Problem details:
Leaving out the pictures, please retype each record exactly.

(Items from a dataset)
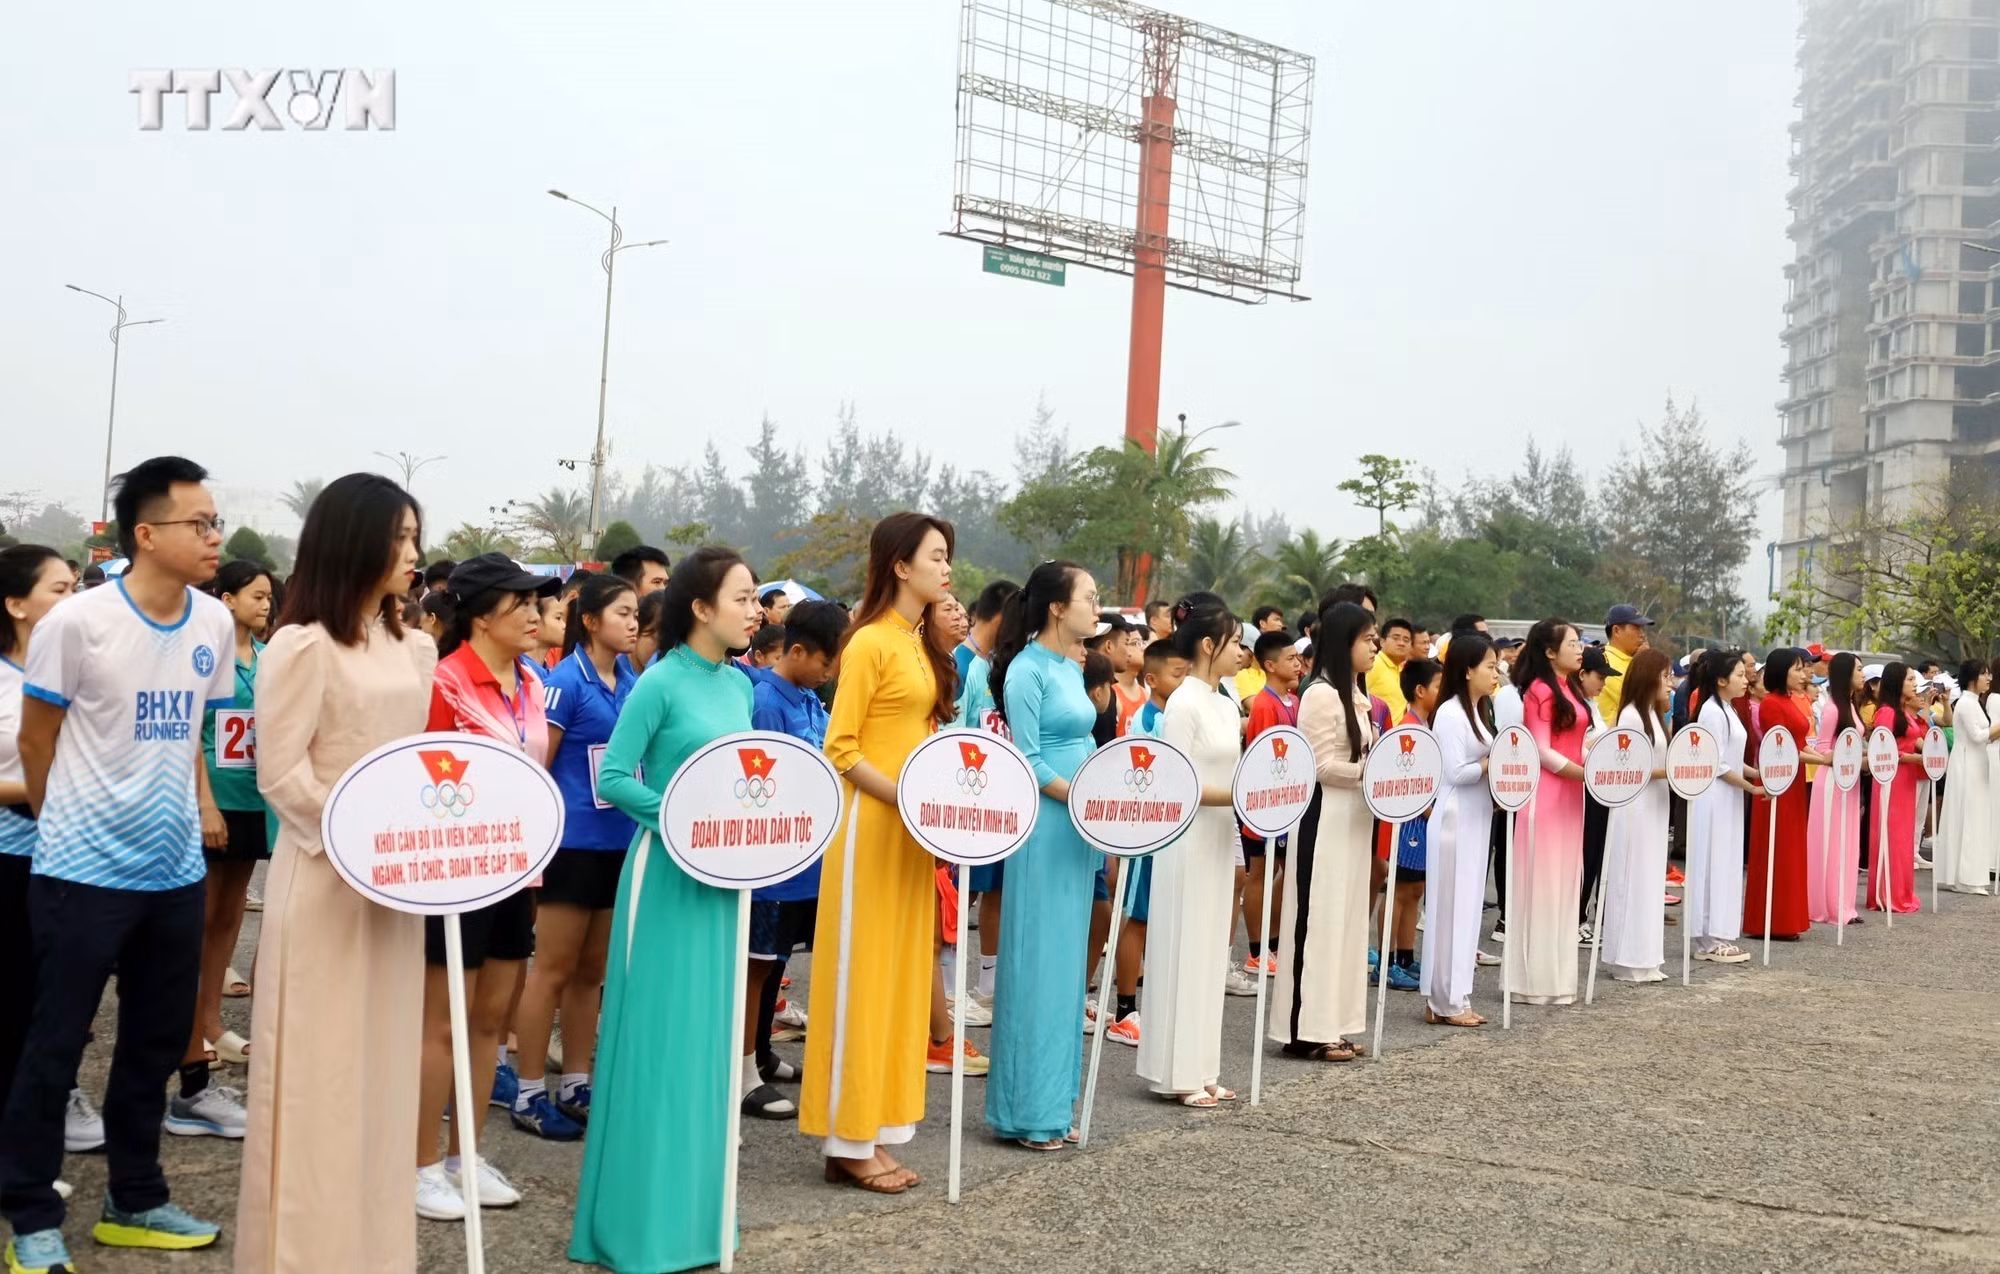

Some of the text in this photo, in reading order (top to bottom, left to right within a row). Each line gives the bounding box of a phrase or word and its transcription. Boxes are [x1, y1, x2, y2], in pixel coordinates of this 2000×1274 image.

[1000, 263, 1019, 275] 0905
[1020, 267, 1035, 278] 822
[134, 721, 190, 741] RUNNER
[920, 798, 1018, 837] ĐOÀN VĐV HUYỆN MINH HÓA
[1084, 794, 1182, 827] ĐOÀN VĐV HUYỆN QUẢNG NINH
[374, 825, 395, 853] KHỐI
[398, 826, 416, 852] CÁN
[418, 825, 430, 854] BỘ
[432, 825, 443, 849] VÀ
[445, 823, 465, 847] VIÊN
[467, 820, 489, 846] CHỨC
[491, 820, 507, 844] CÁC
[691, 811, 812, 849] ĐOÀN VĐV BAN DÂN TỘC
[372, 860, 406, 887] NGÀNH,
[408, 855, 419, 882] TỔ
[450, 854, 471, 878] ĐOÀN
[474, 848, 489, 875] THỂ
[491, 847, 507, 874] CẤP
[509, 846, 528, 872] TỈNH
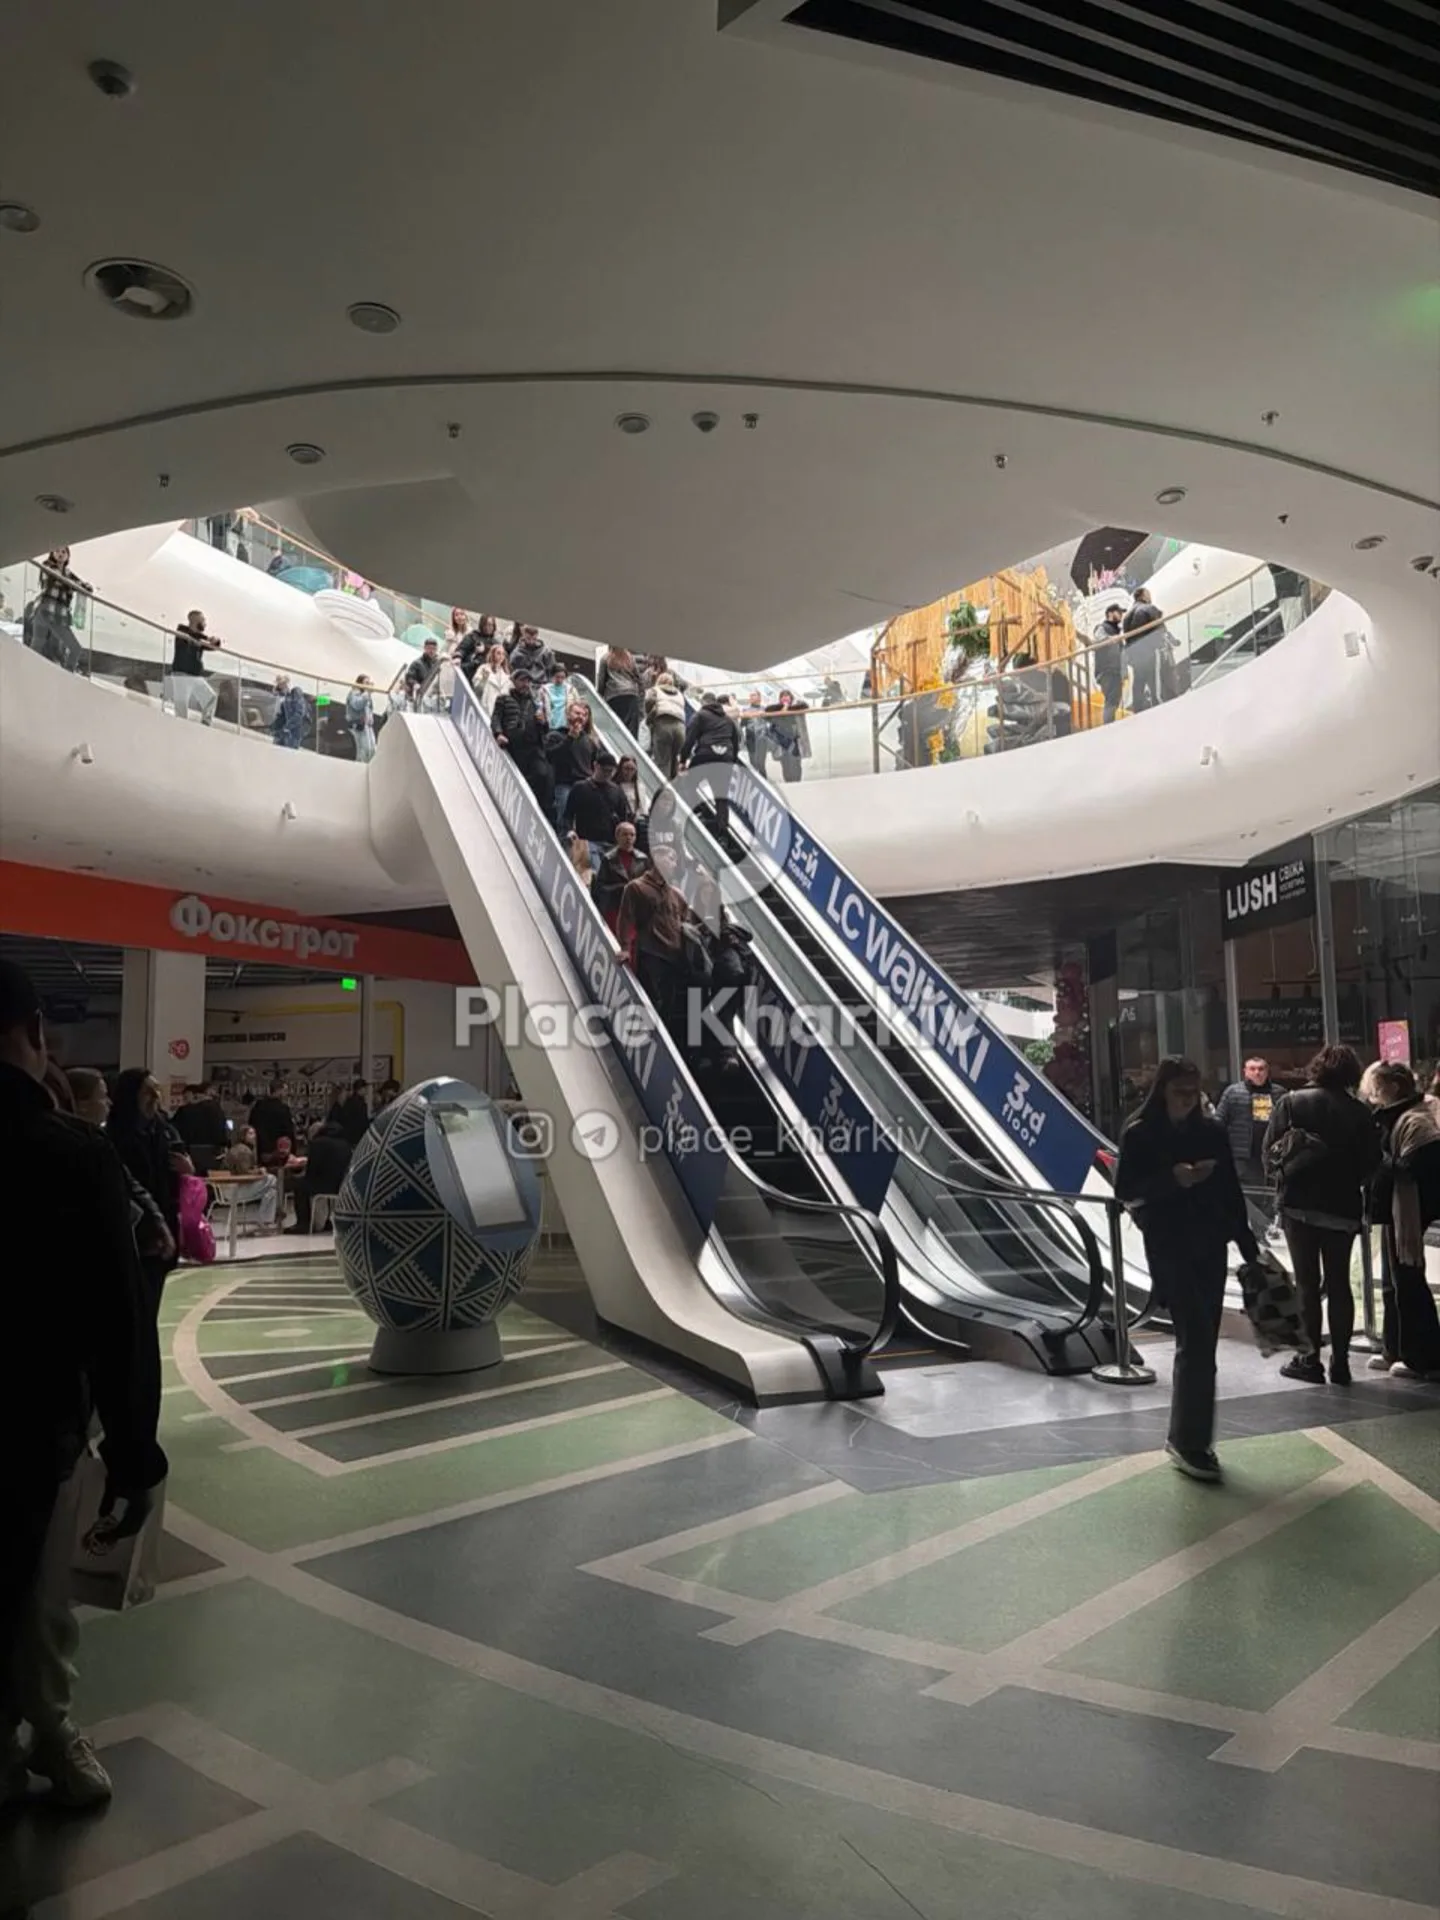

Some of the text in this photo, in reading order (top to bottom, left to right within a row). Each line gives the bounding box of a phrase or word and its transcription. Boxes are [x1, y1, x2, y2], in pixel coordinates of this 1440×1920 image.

Result for this task:
Some of the text in this photo, in reading order (top to bottom, left to right within a row). Each line gives the bounding box of a phrase or word and its transcription. Boxes are [x1, y1, x2, y2], in pixel coordinates of this 2000×1274 image.

[1000, 263, 1019, 275] 0905
[1020, 267, 1035, 278] 822
[134, 721, 190, 741] RUNNER
[920, 798, 1018, 837] ĐOÀN VĐV HUYỆN MINH HÓA
[1084, 794, 1182, 827] ĐOÀN VĐV HUYỆN QUẢNG NINH
[374, 825, 395, 853] KHỐI
[398, 826, 416, 852] CÁN
[418, 825, 430, 854] BỘ
[432, 825, 443, 849] VÀ
[445, 823, 465, 847] VIÊN
[467, 820, 489, 846] CHỨC
[491, 820, 507, 844] CÁC
[691, 811, 812, 849] ĐOÀN VĐV BAN DÂN TỘC
[372, 860, 406, 887] NGÀNH,
[408, 855, 419, 882] TỔ
[450, 854, 471, 878] ĐOÀN
[474, 848, 489, 875] THỂ
[491, 847, 507, 874] CẤP
[509, 846, 528, 872] TỈNH

Some of the text in this photo, in reading order (top to bottom, left to right within a row). Each line gives the bounding box of a phrase or word and its transcription. Boxes are [x1, y1, x2, y2], in pixel coordinates of this 1440×1920 image.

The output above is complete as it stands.